> [ACTIVITY] Even if a line seems odd, print it as it is, and include every record.

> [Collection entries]

════════════════

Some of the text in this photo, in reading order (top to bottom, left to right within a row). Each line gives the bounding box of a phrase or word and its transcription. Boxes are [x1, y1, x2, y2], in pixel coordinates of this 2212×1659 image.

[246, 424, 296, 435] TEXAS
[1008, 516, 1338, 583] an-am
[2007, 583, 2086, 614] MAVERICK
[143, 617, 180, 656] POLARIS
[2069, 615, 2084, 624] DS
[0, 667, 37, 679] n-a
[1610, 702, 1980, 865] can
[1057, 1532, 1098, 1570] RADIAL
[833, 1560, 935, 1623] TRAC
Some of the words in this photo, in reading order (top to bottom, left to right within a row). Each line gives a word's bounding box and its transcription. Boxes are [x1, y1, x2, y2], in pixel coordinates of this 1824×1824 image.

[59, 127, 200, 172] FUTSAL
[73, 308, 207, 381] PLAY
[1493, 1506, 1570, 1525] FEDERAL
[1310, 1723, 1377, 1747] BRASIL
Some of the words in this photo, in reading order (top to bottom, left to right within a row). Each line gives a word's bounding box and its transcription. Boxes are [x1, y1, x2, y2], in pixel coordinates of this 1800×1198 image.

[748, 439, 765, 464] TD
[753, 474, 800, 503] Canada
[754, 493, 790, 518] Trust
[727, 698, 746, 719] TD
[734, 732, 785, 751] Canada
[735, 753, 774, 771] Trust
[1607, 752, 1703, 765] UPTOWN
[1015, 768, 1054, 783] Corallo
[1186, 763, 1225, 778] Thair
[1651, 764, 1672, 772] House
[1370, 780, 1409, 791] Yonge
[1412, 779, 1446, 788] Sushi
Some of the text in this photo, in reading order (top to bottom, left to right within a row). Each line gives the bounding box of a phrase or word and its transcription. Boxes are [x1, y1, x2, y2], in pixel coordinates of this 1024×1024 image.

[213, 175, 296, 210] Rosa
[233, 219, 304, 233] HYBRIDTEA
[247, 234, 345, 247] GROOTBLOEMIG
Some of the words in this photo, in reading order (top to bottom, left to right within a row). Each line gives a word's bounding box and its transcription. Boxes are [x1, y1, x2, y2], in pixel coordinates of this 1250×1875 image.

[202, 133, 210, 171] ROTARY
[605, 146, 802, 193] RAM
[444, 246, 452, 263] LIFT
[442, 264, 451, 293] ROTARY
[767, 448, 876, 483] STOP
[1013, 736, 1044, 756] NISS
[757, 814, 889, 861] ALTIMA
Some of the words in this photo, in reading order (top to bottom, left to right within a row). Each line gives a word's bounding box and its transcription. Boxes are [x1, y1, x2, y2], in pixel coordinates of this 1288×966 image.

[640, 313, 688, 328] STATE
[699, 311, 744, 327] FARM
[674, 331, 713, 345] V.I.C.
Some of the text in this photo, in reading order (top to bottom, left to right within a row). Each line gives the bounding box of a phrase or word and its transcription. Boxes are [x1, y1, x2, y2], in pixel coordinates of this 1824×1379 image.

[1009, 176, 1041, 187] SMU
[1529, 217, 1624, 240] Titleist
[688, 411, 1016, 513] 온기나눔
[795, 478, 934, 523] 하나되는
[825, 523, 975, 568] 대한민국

════════════════

> [OUTPUT FOR THIS EXERCISE]
Some of the text in this photo, in reading order (top to bottom, left to right within a row). Each line gives the bounding box of a phrase or word and its transcription. Boxes are [x1, y1, x2, y2], in pixel coordinates of this 2212×1659 image.

[246, 424, 296, 435] TEXAS
[1008, 516, 1338, 583] an-am
[2007, 583, 2086, 614] MAVERICK
[143, 617, 180, 656] POLARIS
[2069, 615, 2084, 624] DS
[0, 667, 37, 679] n-a
[1610, 702, 1980, 865] can
[1057, 1532, 1098, 1570] RADIAL
[833, 1560, 935, 1623] TRAC
Some of the words in this photo, in reading order (top to bottom, left to right within a row). Each line gives a word's bounding box and its transcription. Boxes are [x1, y1, x2, y2], in pixel coordinates of this 1824×1824 image.

[59, 127, 200, 172] FUTSAL
[73, 308, 207, 381] PLAY
[1493, 1506, 1570, 1525] FEDERAL
[1310, 1723, 1377, 1747] BRASIL
Some of the words in this photo, in reading order (top to bottom, left to right within a row). Each line gives a word's bounding box and its transcription. Boxes are [x1, y1, x2, y2], in pixel coordinates of this 1800×1198 image.

[748, 439, 765, 464] TD
[753, 474, 800, 503] Canada
[754, 493, 790, 518] Trust
[727, 698, 746, 719] TD
[734, 732, 785, 751] Canada
[735, 753, 774, 771] Trust
[1607, 752, 1703, 765] UPTOWN
[1015, 768, 1054, 783] Corallo
[1186, 763, 1225, 778] Thair
[1651, 764, 1672, 772] House
[1370, 780, 1409, 791] Yonge
[1412, 779, 1446, 788] Sushi
Some of the text in this photo, in reading order (top to bottom, left to right within a row). Each line gives the bounding box of a phrase or word and its transcription. Boxes are [x1, y1, x2, y2], in pixel coordinates of this 1024×1024 image.

[213, 175, 296, 210] Rosa
[233, 219, 304, 233] HYBRIDTEA
[247, 234, 345, 247] GROOTBLOEMIG
Some of the words in this photo, in reading order (top to bottom, left to right within a row). Each line gives a word's bounding box and its transcription. Boxes are [x1, y1, x2, y2], in pixel coordinates of this 1250×1875 image.

[202, 133, 210, 171] ROTARY
[605, 146, 802, 193] RAM
[444, 246, 452, 263] LIFT
[442, 264, 451, 293] ROTARY
[767, 448, 876, 483] STOP
[1013, 736, 1044, 756] NISS
[757, 814, 889, 861] ALTIMA
Some of the words in this photo, in reading order (top to bottom, left to right within a row). Each line gives a word's bounding box and its transcription. Boxes are [x1, y1, x2, y2], in pixel coordinates of this 1288×966 image.

[640, 313, 688, 328] STATE
[699, 311, 744, 327] FARM
[674, 331, 713, 345] V.I.C.
Some of the text in this photo, in reading order (top to bottom, left to right within a row). Each line gives the bounding box of a phrase or word and its transcription. Boxes are [x1, y1, x2, y2], in pixel coordinates of this 1824×1379 image.

[1009, 176, 1041, 187] SMU
[1529, 217, 1624, 240] Titleist
[688, 411, 1016, 513] 온기나눔
[795, 478, 934, 523] 하나되는
[825, 523, 975, 568] 대한민국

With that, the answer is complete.